What I do know is that nothing in the world can justify a man being thus thrown to the dogs.
–Bernard Henri-Levy on the unjust treatment of his friend Dominique Strauss-Kahn
Monday evening, in Manhattan, a private settlement was reached between Dominique Strauss-Kahn, the former head of the International Monetary Fund and one-time French presidential hopeful, and Nafitassou Diallo, a Guinean migrant and part of the housekeeping staff at the NY Sofitel hotel where DSK stayed. There is no word on the amount of the settlement, which marked an acrid public debate about how badly DSK was treated, even though Diallo had charged DSK with sexual assault in March 2011.
In a lame attempt to dilute the gravity of the charges DSK admitted that he had made an “error” and had engaged in a “moral failure,” while avoiding an admission of sexual assault. By contrast, Diallo had her credibility questioned repeatedly and her words recorded and distorted.
While the French newspapers are dutifully reporting the settlement, their tone is in stark contrast to the outrage and shock that the French media and intelligentsia expressed at the horrific treatment received by one of the foremost political elites of Europe. Strauss-Kahn was a player “extraordinaire”: Charming, elegant, eloquent, and capable of holding his own among the world’s power players. Why, my fellow philosopher Bernard Henri-Levy asked, would DSK be treated so badly when the charges were clearly fabricated?
What I do know is that nothing in the world can justify a man being thus thrown to the dogs.
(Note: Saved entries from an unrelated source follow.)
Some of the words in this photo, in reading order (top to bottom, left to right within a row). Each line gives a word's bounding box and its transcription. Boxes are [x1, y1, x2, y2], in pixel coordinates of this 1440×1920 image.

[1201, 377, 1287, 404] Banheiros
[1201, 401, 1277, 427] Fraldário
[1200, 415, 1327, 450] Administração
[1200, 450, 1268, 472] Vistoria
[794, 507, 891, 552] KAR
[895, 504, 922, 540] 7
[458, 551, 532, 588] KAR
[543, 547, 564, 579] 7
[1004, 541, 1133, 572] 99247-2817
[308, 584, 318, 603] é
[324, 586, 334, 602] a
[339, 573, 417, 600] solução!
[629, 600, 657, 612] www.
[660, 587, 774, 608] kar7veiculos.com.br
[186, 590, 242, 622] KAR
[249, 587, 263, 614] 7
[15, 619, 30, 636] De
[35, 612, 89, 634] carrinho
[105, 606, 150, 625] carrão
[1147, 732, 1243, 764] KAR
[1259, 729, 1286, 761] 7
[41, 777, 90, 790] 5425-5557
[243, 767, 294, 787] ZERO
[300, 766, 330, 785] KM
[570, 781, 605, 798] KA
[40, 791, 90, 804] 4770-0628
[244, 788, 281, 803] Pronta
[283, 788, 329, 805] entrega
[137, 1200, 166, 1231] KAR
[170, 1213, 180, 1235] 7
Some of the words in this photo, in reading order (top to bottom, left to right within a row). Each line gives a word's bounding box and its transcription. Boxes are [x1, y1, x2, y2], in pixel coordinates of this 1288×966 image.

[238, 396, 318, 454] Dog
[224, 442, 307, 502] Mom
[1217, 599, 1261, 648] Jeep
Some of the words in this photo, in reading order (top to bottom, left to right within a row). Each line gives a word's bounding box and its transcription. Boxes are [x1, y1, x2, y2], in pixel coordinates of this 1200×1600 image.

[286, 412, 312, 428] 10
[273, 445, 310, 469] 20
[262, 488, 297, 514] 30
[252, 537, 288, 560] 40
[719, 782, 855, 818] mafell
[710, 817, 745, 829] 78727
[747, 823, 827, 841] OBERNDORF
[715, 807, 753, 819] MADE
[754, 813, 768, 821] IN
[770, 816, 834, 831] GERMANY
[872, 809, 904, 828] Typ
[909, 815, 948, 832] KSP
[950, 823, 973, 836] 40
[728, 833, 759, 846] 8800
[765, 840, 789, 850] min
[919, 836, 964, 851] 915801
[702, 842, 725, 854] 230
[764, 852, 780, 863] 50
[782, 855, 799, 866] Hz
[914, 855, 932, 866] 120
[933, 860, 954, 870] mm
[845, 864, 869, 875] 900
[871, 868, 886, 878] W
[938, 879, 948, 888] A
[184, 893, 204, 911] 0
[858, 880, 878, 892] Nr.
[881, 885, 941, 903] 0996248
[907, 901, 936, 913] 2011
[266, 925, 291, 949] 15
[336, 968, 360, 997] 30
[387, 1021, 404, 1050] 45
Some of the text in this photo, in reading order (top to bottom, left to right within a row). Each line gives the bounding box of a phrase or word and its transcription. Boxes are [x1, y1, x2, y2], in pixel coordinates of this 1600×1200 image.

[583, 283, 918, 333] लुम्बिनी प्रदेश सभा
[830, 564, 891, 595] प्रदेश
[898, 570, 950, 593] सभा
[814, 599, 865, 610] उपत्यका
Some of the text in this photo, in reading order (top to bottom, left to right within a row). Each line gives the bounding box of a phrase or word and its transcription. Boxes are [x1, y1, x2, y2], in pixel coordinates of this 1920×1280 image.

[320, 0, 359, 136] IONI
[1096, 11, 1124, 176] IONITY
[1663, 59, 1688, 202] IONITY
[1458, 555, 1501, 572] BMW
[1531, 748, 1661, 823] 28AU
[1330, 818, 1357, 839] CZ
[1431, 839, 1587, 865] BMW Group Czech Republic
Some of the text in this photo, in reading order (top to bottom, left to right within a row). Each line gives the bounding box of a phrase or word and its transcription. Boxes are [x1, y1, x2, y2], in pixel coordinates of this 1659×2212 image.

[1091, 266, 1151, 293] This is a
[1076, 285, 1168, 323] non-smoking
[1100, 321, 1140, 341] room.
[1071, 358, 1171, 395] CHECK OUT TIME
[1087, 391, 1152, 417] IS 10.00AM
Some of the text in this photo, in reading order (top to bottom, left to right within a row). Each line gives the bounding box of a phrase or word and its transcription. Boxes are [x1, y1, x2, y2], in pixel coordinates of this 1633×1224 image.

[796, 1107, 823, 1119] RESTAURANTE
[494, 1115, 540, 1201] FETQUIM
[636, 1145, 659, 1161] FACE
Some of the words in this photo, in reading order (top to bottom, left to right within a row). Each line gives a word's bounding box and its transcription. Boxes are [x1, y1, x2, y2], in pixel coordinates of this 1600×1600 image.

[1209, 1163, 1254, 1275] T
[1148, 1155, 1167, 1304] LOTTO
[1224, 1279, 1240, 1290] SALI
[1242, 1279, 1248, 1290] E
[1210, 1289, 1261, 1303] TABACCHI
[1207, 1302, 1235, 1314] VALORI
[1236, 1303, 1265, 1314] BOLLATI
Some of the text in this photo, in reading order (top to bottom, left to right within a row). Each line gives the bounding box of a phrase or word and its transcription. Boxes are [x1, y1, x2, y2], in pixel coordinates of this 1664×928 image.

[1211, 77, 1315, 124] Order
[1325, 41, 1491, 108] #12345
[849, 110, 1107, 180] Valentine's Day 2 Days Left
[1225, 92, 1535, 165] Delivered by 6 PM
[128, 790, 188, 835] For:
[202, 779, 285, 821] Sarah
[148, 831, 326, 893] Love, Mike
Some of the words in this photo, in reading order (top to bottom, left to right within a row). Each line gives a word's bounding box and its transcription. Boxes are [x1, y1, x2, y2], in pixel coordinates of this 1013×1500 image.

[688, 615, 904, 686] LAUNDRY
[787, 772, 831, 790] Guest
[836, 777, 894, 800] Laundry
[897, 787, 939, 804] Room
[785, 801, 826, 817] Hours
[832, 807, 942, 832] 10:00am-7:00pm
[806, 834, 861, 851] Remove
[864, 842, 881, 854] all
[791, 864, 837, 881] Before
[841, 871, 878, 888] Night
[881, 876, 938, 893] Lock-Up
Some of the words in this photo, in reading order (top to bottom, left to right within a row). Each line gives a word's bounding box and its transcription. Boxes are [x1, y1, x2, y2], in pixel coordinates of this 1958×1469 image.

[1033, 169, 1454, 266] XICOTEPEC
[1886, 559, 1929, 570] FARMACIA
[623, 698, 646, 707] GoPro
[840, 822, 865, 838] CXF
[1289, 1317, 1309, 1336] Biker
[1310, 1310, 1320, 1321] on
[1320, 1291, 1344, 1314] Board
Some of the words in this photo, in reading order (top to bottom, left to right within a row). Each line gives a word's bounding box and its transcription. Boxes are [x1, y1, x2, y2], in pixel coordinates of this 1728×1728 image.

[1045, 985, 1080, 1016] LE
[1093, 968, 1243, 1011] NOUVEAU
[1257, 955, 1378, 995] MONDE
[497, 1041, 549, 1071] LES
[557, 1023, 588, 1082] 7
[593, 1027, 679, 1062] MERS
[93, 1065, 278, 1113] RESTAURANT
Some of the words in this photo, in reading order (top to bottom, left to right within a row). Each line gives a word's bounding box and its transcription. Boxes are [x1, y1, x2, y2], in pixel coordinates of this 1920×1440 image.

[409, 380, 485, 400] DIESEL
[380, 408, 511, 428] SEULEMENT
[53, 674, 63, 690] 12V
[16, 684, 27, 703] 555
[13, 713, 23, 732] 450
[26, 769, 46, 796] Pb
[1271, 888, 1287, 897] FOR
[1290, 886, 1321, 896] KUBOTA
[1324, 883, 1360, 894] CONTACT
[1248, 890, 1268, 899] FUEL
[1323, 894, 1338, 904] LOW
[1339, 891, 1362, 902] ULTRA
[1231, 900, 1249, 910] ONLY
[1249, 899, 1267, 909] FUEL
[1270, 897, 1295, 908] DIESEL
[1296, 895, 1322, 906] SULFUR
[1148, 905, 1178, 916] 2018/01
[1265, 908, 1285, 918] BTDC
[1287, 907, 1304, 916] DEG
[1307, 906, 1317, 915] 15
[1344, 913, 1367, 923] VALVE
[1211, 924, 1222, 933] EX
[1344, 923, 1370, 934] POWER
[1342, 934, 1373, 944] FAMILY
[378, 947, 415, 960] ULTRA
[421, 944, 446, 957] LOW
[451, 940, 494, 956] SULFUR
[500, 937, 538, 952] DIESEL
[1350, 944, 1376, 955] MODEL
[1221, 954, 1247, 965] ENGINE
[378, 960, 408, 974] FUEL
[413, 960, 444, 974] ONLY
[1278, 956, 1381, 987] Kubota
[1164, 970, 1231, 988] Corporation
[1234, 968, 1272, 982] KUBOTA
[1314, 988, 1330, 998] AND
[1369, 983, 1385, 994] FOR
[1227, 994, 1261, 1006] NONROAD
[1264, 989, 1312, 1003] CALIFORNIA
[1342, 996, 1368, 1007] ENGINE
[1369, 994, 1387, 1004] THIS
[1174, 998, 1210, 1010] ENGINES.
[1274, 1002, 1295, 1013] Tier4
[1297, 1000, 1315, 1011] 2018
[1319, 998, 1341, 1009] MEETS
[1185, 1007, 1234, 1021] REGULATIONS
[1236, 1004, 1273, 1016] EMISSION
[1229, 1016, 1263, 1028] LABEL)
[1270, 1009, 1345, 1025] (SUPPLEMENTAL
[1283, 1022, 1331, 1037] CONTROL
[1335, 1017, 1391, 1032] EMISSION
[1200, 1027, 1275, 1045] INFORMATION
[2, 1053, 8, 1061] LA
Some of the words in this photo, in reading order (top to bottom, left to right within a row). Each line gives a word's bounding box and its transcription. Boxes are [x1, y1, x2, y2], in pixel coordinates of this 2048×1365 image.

What I know is that nothing, no suspicion whatever (for let’s remind ourselves that, as I write these lines, we are dealing only with suspicions!), permits the entire world to revel in the spectacle, this morning, of this handcuffed figure, his features blurred by 30 hours of detention and questioning, but still proud.
What I know as well is that nothing, no earthly law, should also allow another woman, his wife, admirable in her love and courage, to be exposed to the slime of a public opinion drunk on salacious gossip and driven by who knows what obscure vengeance.
And what I know even more is that the Strauss-Kahn I know, who has been my friend for 20 years and who will remain my friend, bears no resemblance to this monster, this caveman, this insatiable and malevolent beast now being described nearly everywhere.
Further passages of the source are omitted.